Because practitioners of the statistical analysis often address particular applied decision problems, methods developments is consequently motivated by the search to a better decision making under uncertainties.
Decision making process under uncertainty is largely based on application of statistical data analysis for probabilistic risk assessment of your decision. Managers need to understand variation for two key reasons.
First, so that they can lead others to apply statistical thinking in day to day activities and secondly, to apply the concept for the purpose of continuous improvement. This course will provide you with hands-on experience to promote the use of statistical thinking and techniques to apply them to make educated decisions whenever there is variation in business data.
Therefore, it is a course in statistical thinking via a data-oriented approach. Statistical models are currently used in various fields of business and science.
However, the terminology differs from field to field. For example, the fitting of models to data, called calibration, history matching, and data assimilation, are all synonymous with parameter estimation.
Your organization database contains a wealth of information, yet the decision technology group members tap a fraction of it.
Employees waste time scouring multiple sources for a database. The decision-makers are frustrated because they cannot get business-critical data exactly when they need it.
Therefore, too many decisions are based on guesswork, not facts. Many opportunities are also missed, if they are even noticed at all.
Knowledge is what we know well. Information is the communication of knowledge. In every knowledge exchange, there is a sender and a receiver. The sender make common what is private, does the informing, the communicating. Information can be classified as explicit and tacit forms.
The explicit information can be explained in structured form, while tacit information is inconsistent and fuzzy to explain. Know that data are only crude information and not knowledge by themselves. Data is known to be crude information and not knowledge by itself.
The sequence from data to knowledge is: Data becomes information, when it becomes relevant to your decision problem. Information becomes fact, when the data can support it. Facts are what the data reveals. However the decisive instrumental i.
Fact becomes knowledge, when it is used in the successful completion of a decision process. Once you have a massive amount of facts integrated as knowledge, then your mind will be superhuman in the same sense that mankind with writing is superhuman compared to mankind before writing.
The following figure illustrates the statistical thinking process based on data in constructing statistical models for decision making under uncertainties. The above figure depicts the fact that as the exactness of a statistical model increases, the level of improvements in decision-making increases.
That's why we need statistical data analysis. Statistical data analysis arose from the need to place knowledge on a systematic evidence base. This required a study of the laws of probability, the development of measures of data properties and relationships, and so on.
Statistical inference aims at determining whether any statistical significance can be attached that results after due allowance is made for any random variation as a source of error. Intelligent and critical inferences cannot be made by those who do not understand the purpose, the conditions, and applicability of the various techniques for judging significance.
Considering the uncertain environment, the chance that "good decisions" are made increases with the availability of "good information. The above figure also illustrates the fact that as the exactness of a statistical model increases, the level of improvements in decision-making increases.
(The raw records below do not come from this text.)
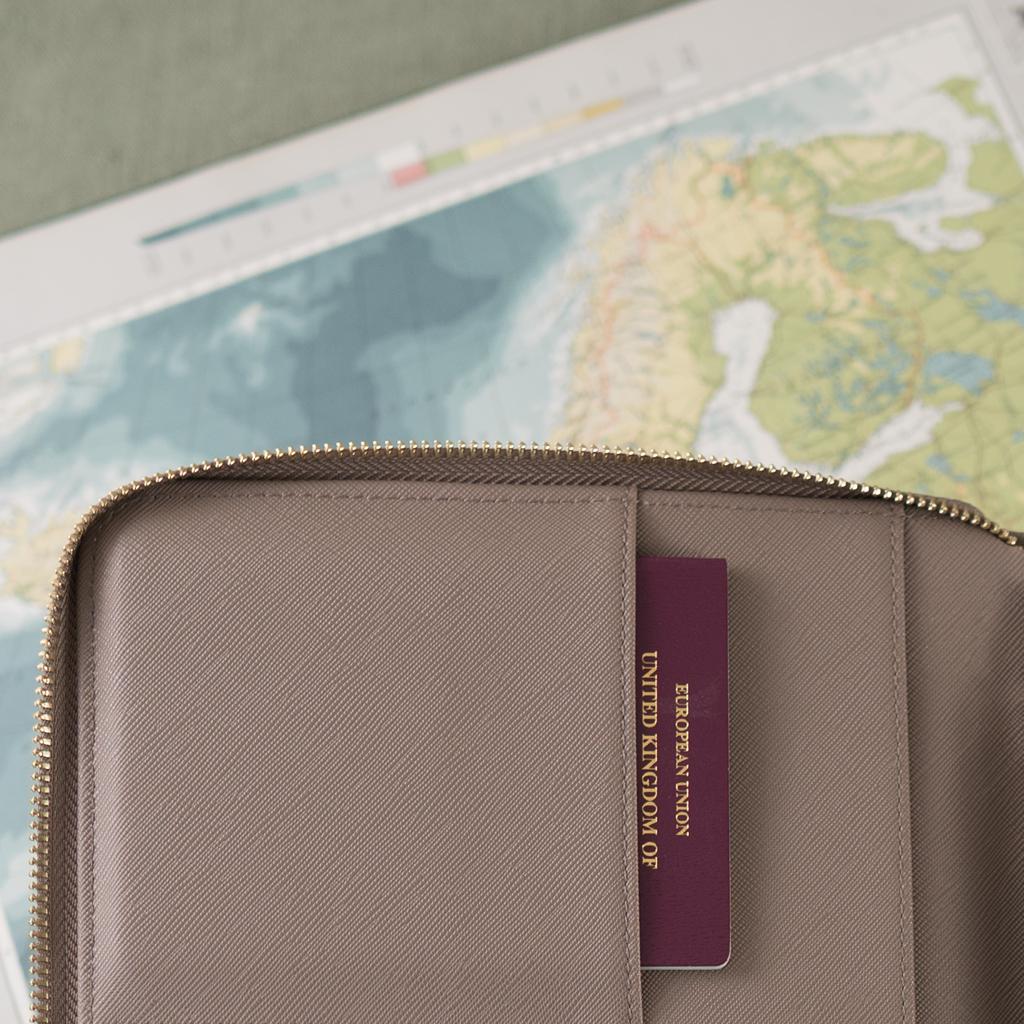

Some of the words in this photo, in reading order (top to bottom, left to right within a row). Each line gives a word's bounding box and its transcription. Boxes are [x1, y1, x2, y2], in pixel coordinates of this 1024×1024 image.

[641, 651, 658, 729] UNITED
[675, 683, 689, 776] EUROPEAN
[641, 734, 658, 836] KINGDOM
[675, 780, 690, 837] UNION
[642, 841, 658, 870] OF
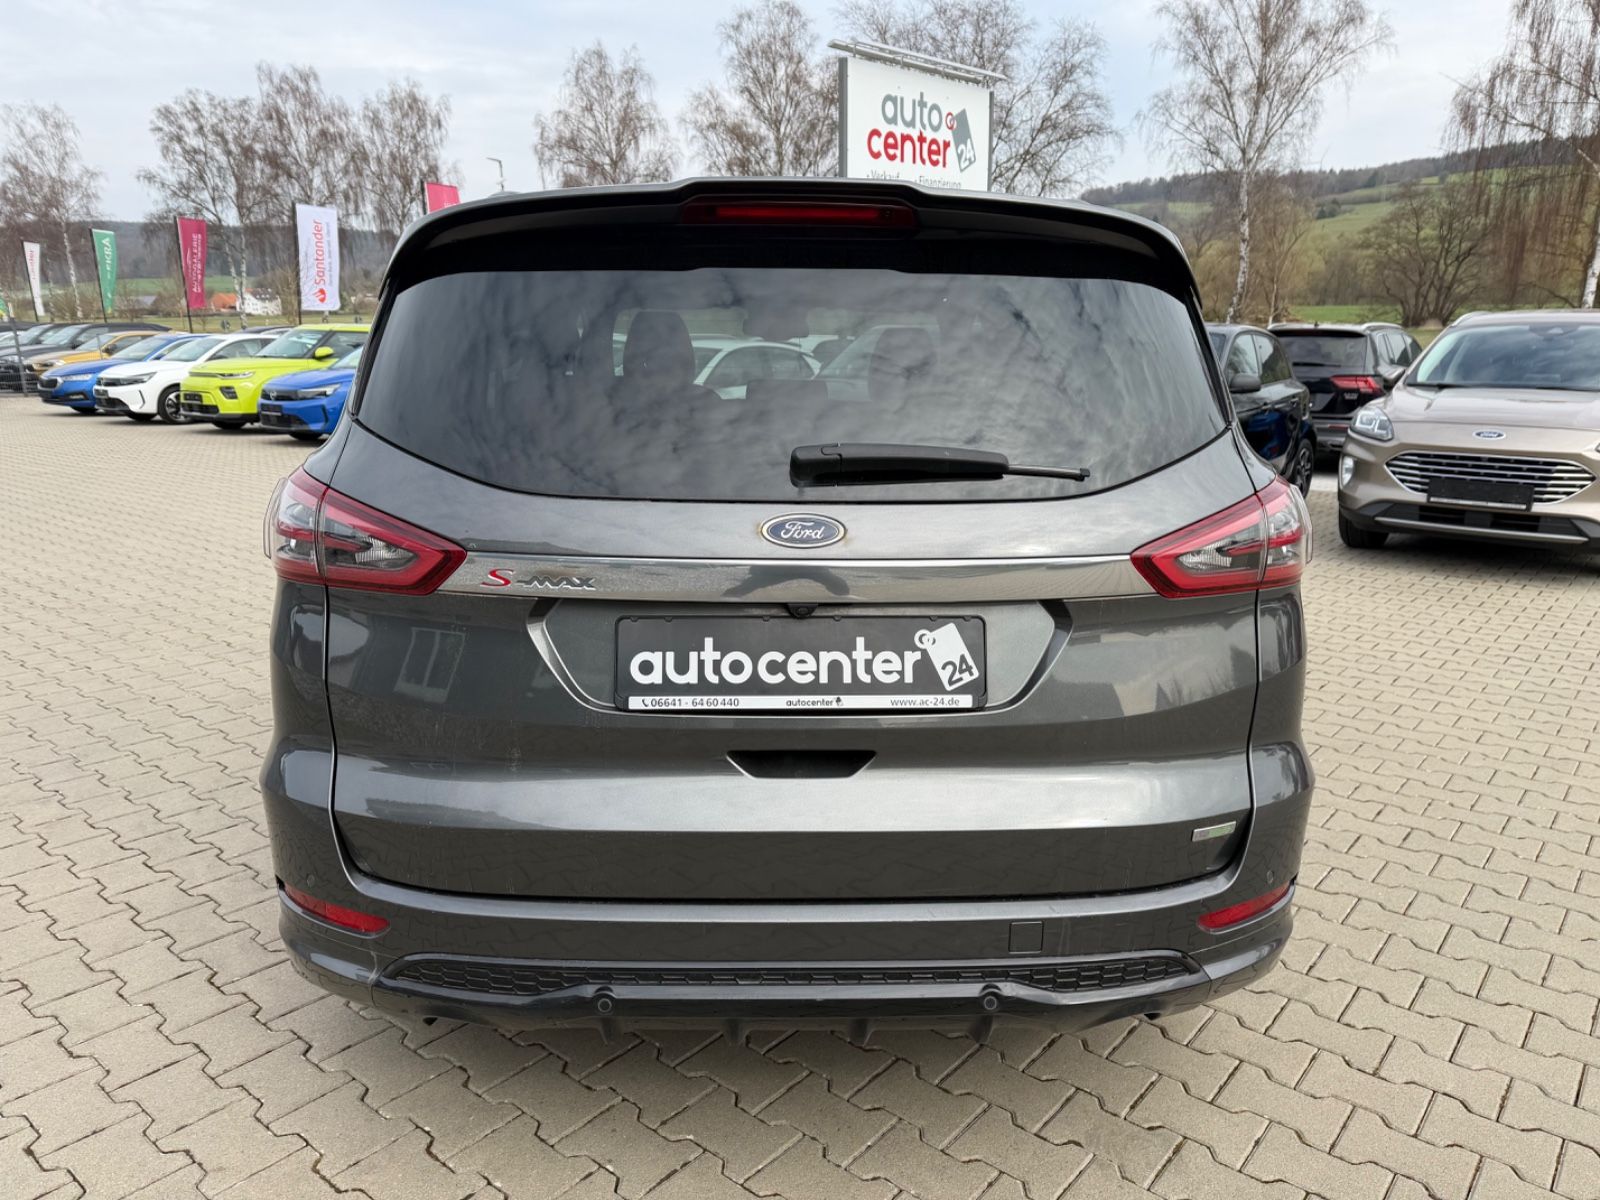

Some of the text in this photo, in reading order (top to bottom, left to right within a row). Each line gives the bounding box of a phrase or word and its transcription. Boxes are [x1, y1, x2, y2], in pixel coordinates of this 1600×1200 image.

Knowledge is more than knowing something technical. Wisdom is the power to put our time and our knowledge to the proper use.
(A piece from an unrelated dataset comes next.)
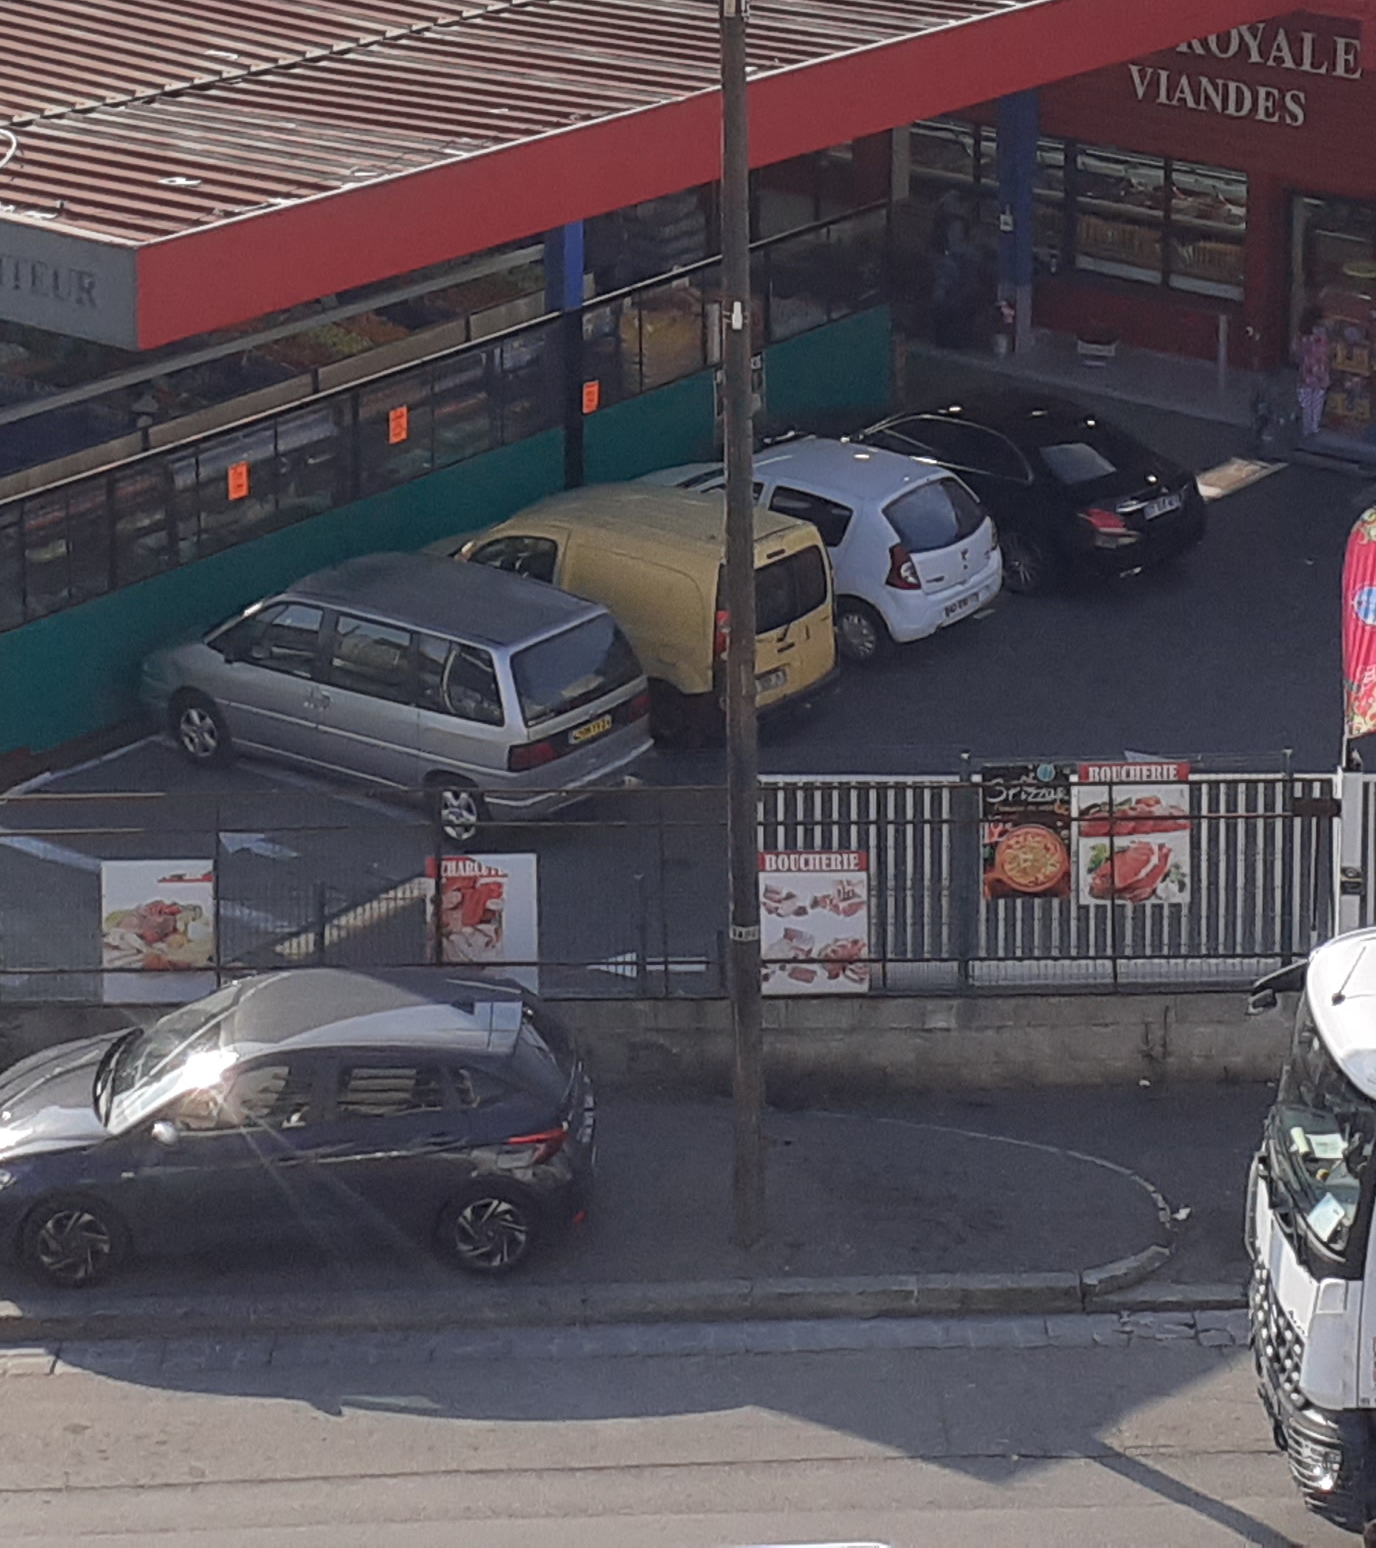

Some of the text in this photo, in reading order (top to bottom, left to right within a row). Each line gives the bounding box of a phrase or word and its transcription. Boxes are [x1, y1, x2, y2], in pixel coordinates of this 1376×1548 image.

[1128, 63, 1306, 127] VIANDES
[1088, 764, 1179, 782] BOUCHERIE
[764, 853, 861, 871] BOUCHERIE
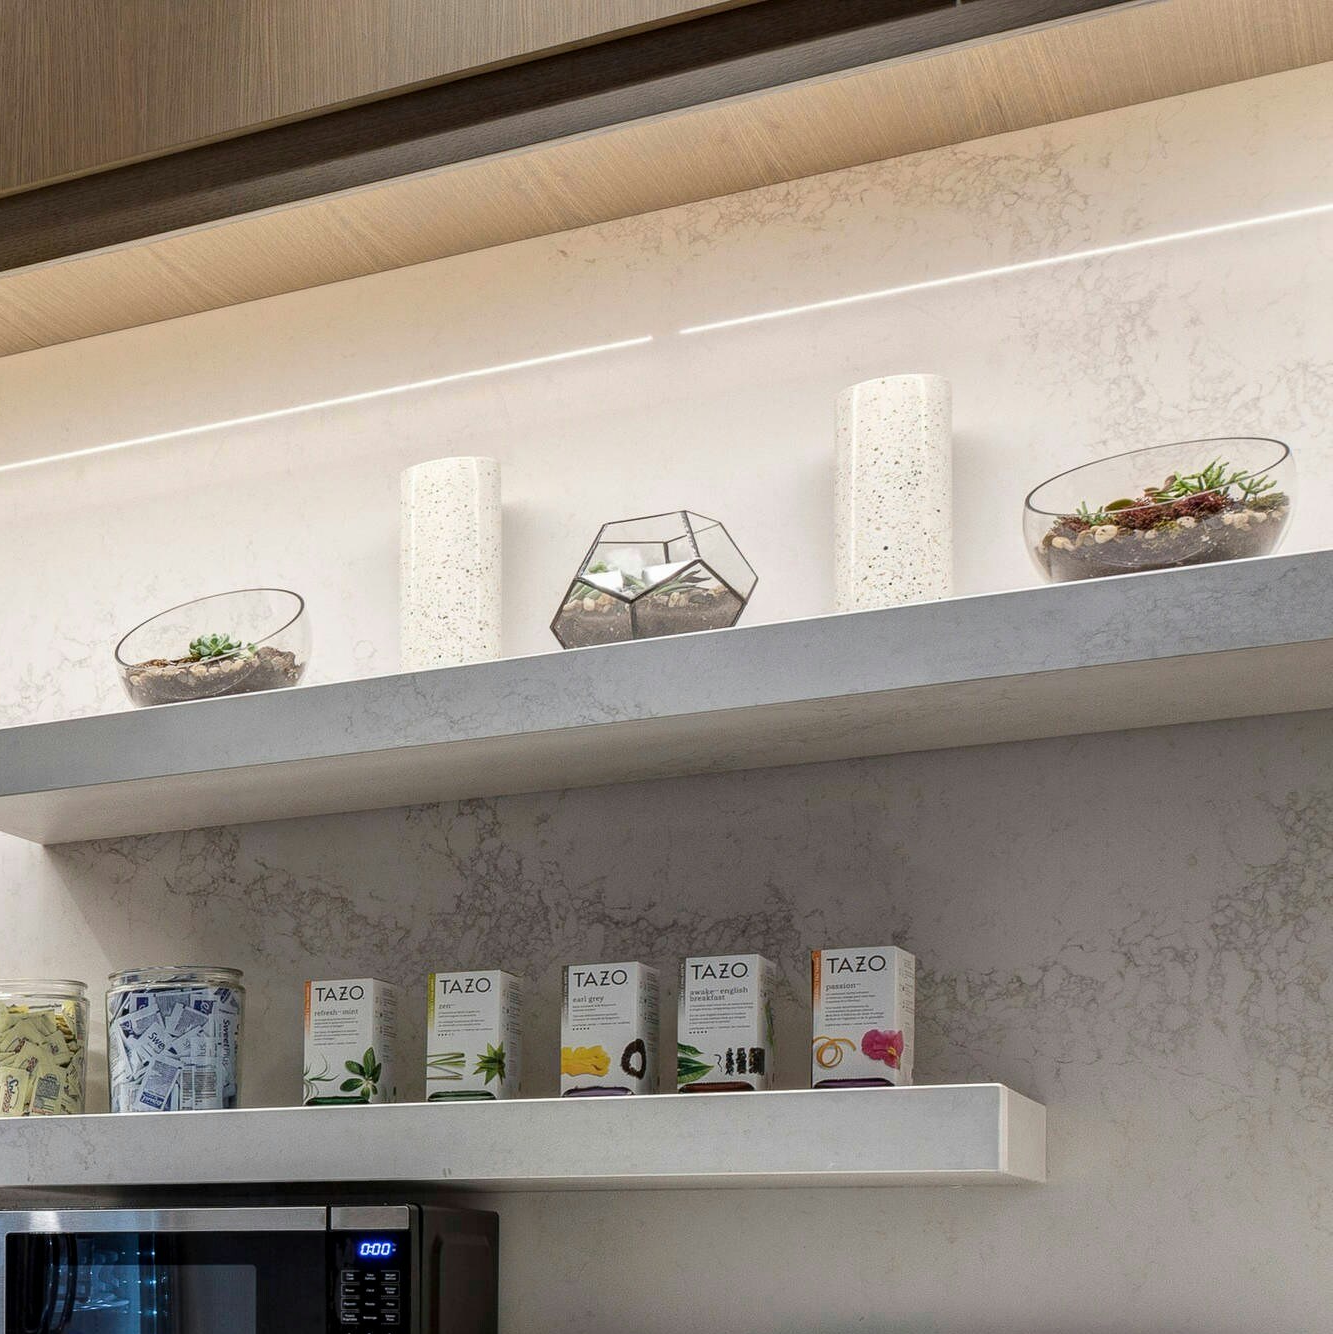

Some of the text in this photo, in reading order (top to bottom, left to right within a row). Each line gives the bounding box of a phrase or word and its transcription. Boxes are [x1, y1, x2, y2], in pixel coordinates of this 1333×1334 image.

Wisdom comes with age and experience. Wisdom is the accurate application of accurate knowledge and its key component is to knowing the limits of your knowledge. Wisdom is about knowing how something technical can be best used to meet the needs of the decision-maker.Data modeling is the process of documenting a complex software system design as an easily understood diagram, using text and symbols to represent the way data needs to flow.
The diagram can be used as a blueprint for the construction of new software or for re-engineering a legacy application. Object Oriented Data Modeling for Data Warehousing adoption rate of intranet and extranet data warehouses (i.e., Web warehouses) has exhibited a similar pattern, although the UML Profile for Modeling DWH Usage for modeling the different kinds of DWH usage on a conceptual level.
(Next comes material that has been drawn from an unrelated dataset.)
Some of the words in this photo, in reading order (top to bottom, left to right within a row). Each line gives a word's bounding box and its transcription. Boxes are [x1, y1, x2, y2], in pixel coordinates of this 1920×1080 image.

It uses features of UML intended for the purpose of. Aarhus University (AU) offers interdisciplinary study programmes within a wide range of academic fields, covering basic research, applied research, strategic research and research-based consultancy. Since the conceptual model focuses on the main data objects and avoids detail, it exhibits both software and hardware independence.
The most widely used conceptual model is the Entity Relationship (E-R) model, which yields the basic database blueprint. Complexity characterises the behaviour of a system or model whose components interact in multiple ways and follow local rules, meaning there is no reasonable higher instruction to define the various possible interactions..
The term is generally used to characterize something with many parts where those parts interact with each other in multiple ways, culminating in a higher order of emergence.
Conceptual data model: The highest-level view containing the least detail. Its value is showing overall scope of the model and portraying the system architecture. For a system of smaller scope, it may not be necessary to draw.
Instead, start with the logical model. Logical data model: Contains more detail than a conceptual model. More detailed operational and transactional entities are now defined.